Your assignment: Below is a listing to write out in full, exactly as given, without its pictures.

Dataset extract:
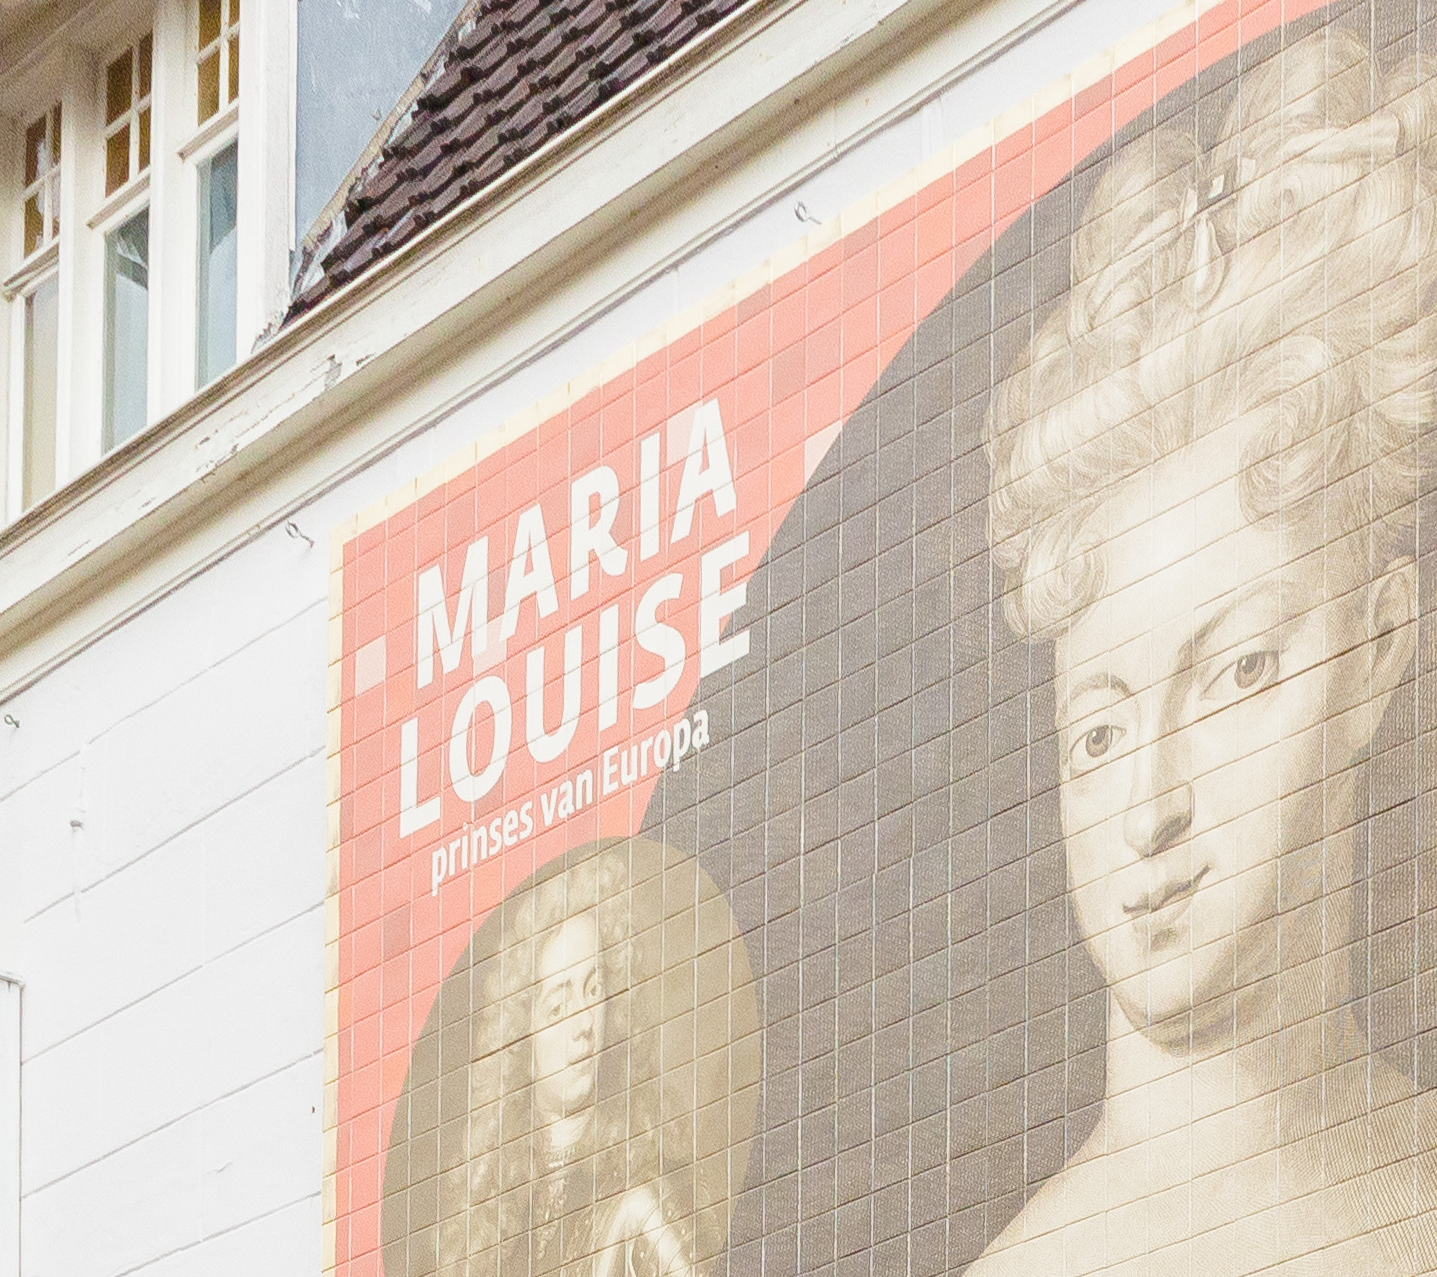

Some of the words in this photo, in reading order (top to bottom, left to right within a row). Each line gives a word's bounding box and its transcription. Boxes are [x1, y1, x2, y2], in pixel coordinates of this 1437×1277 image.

[399, 531, 750, 839] LOUISE
[416, 398, 737, 690] MARIA
[431, 801, 534, 897] prinses
[541, 765, 594, 826] van
[602, 708, 710, 799] Europa
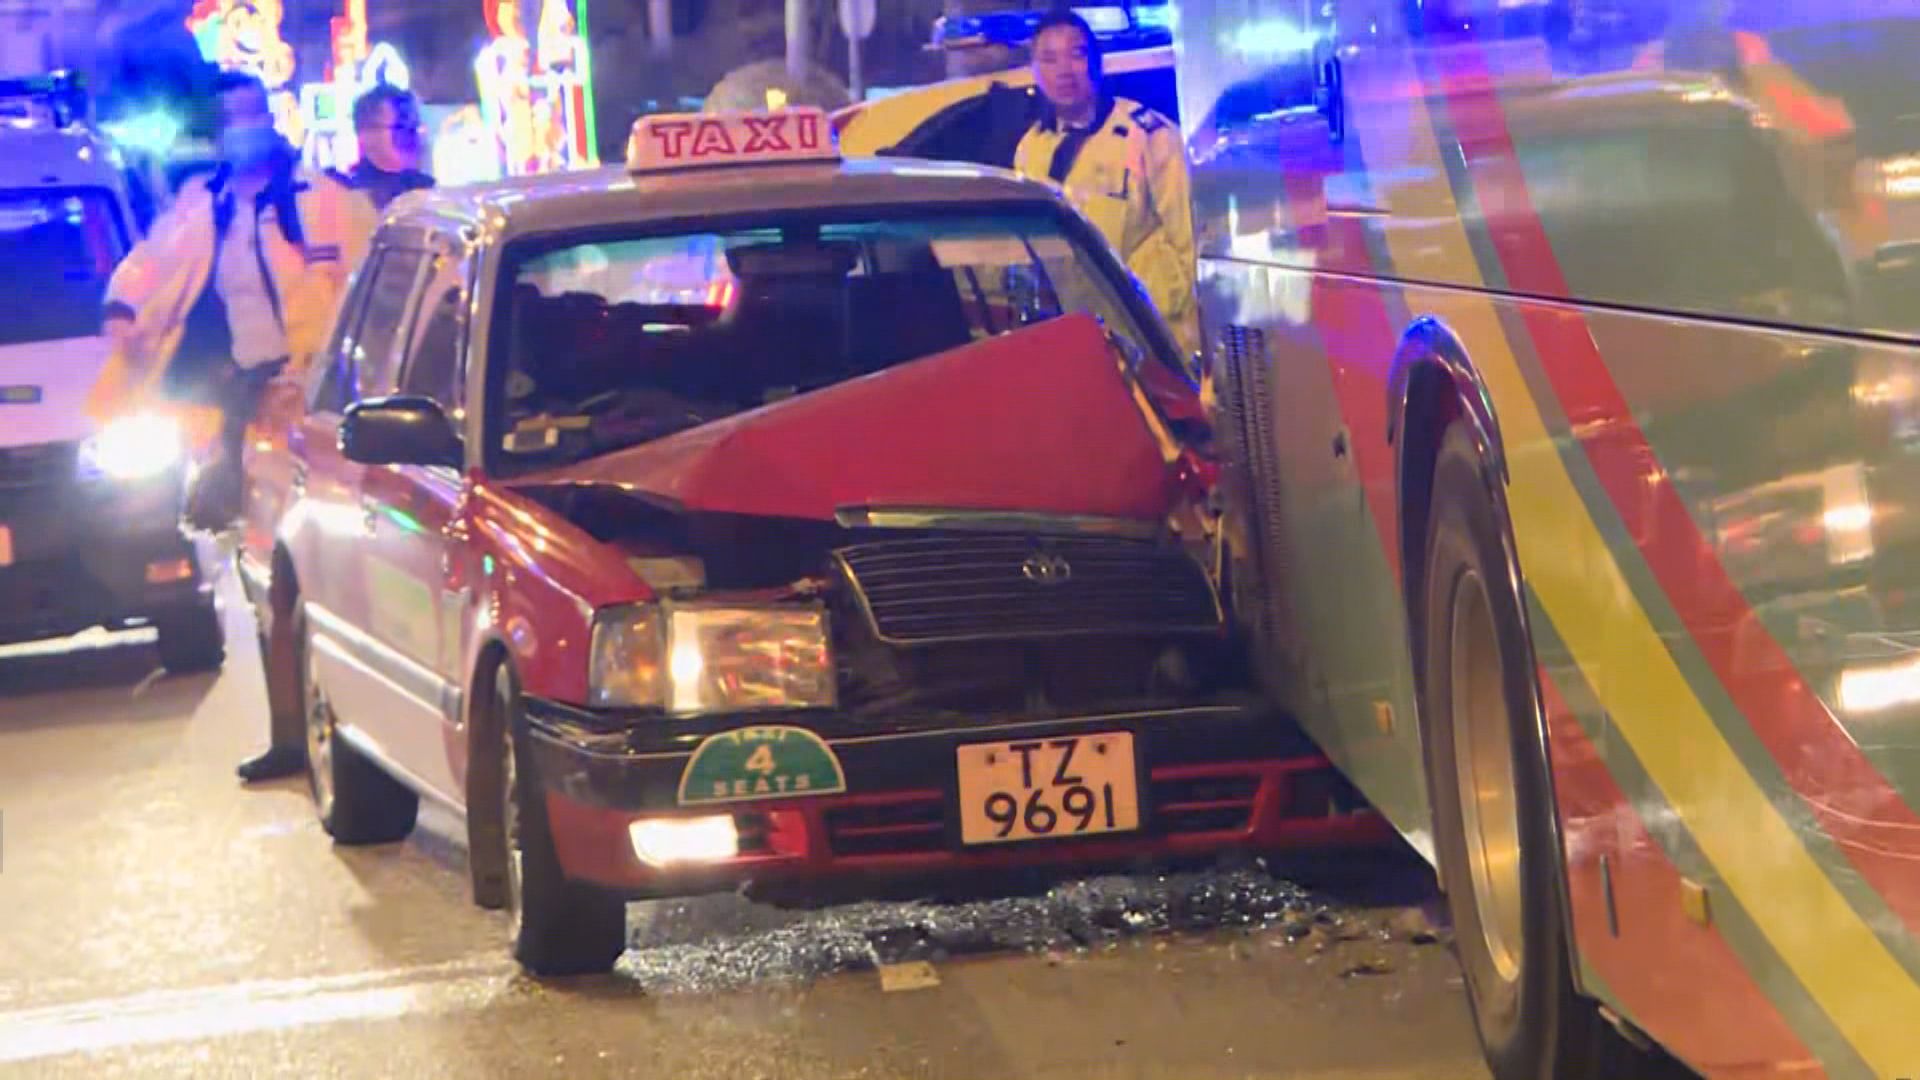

Task solution:
Some of the words in this photo, in reading order (top to bottom, left to right within a row). Each line gives a word's bounding box and its transcription. Boxes are [x1, y1, x2, y2], in pixel coordinates of this 1437×1277 image.

[399, 531, 750, 839] LOUISE
[416, 398, 737, 690] MARIA
[431, 801, 534, 897] prinses
[541, 765, 594, 826] van
[602, 708, 710, 799] Europa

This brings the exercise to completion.